The most remarkable COVID items this week are a CDC item that reports a three-fold increase in cases of SARS-CoV-2 strain BA.2.86. This is a variant descendant of the Omicron strain, and it now accounts for about 9% of US COVID cases. It is highly mutated, but those mutations do not appear to confer greater infectivity or virulence or immune system evasion. Good thing, that. Along with strains EG.5 and HV.1, these three variants account for almost half of COVID cases in the US.

The other important COVID item is that idiot child and Texas AG Ken Paxton is suing Pfizer on the premise of false advertising in advertising its life-saving m-RNA COVID vaccine. It would be poetic justice for Pfizer to counter-sue the State of Texas for claiming that its vaccine is either unsafe or un-efficacious.
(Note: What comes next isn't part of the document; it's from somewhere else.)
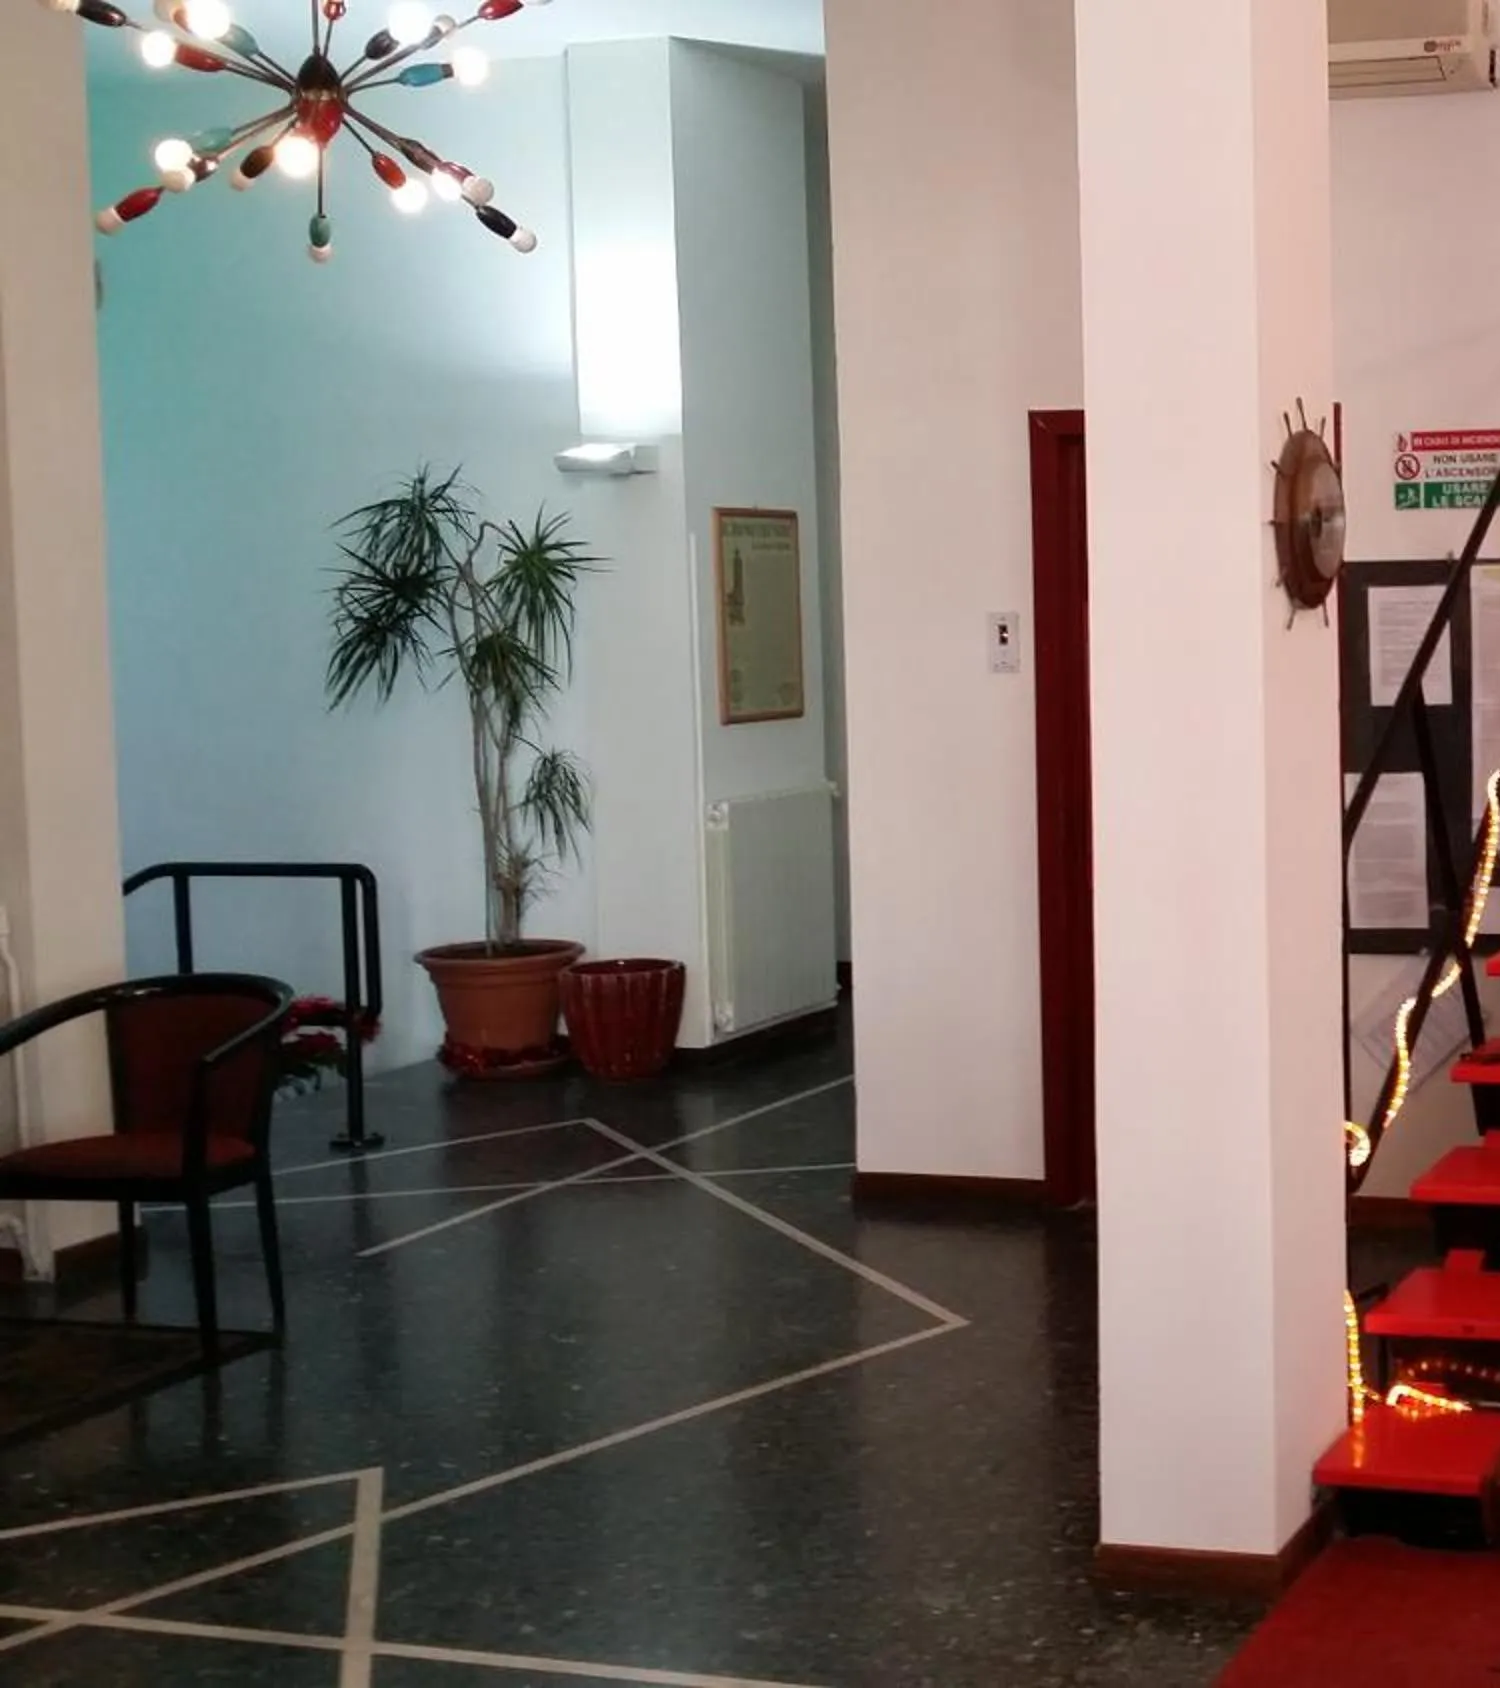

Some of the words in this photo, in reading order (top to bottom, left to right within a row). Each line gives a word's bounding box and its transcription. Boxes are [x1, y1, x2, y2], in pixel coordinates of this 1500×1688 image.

[1433, 455, 1457, 464] NON
[1461, 453, 1497, 463] USARE
[1442, 482, 1488, 495] USARE
[1432, 495, 1447, 507] LE
This week, Dr. Klotman has turned his attention to a recent surge of respiratory illness in Beijing as well as to matters of Life Expectancy. With regards to the former, it seems that the respiratory illness spike in China is due to Mycoplasma pneumoniae – especially among children. This is a common, bacterial respiratory infection that is treated with Macrolide antibiotics (medicines in the Erythromycin antibiotic class). Unfortunately, bacteria keep developing antibiotic resistance, and this Chinese outbreak of Mycoplasma seems to involve a strain of the bacteria that is resistant to Macrolides. I so hate it when that happens!

On the matter of Life Expectancy, I remember a lecture given by my good friend and former mentor at United Healthcare – Dr. Gennie Pritchett. She observed that two centuries ago, there was a spike in Life Expectancy that was brought about by Sanitation – deaths from Cholera and other waterborne diseases plummeted when sewage and potable water sources were separated. Life Expectancy then remained flat until the development of vaccines. Vaccines conferred yet another boost in life expectancy, as did antisepsis, and pasteurization.

In the first of these, the beneficiaries of greater lifespan had to do nothing to reap the benefits of sanitation. In the second, the individuals had to show up to get a vaccination or care at the hands of practitioners who understood the importance of cleanliness in childbirth or surgery.

In our current world that has antibiotics, chemotherapies, complex surgical and interventional procedures, the main causes of death are chronic illnesses and unintentional injuries – homicides, car accidents, overdoses, etc. Today, more than at any time in the past, life expectancy is most affected by personal and public policy decisions. At the personal level, one can choose to ignore the advice of the medical establishment – masks, vaccines, cancer screenings, diet and exercise recommendations, etc. And the collective public can elect policy makers who will enshrine the right for the public to make bad decisions (imposing low tobacco taxes, passing lax transportation laws that are permissive of distracted driving, seatbelt use, etc.) We have a lot of this idiocy in Texas. Alas!

I’m all for freedom, but can we have too much freedom? Dr. Klotman observes that people with a 4-year college education can expect to live 10-years longer than those without a college education. It isn’t the education that confers greater longevity; it is the choices that people with more education make compared to those without it.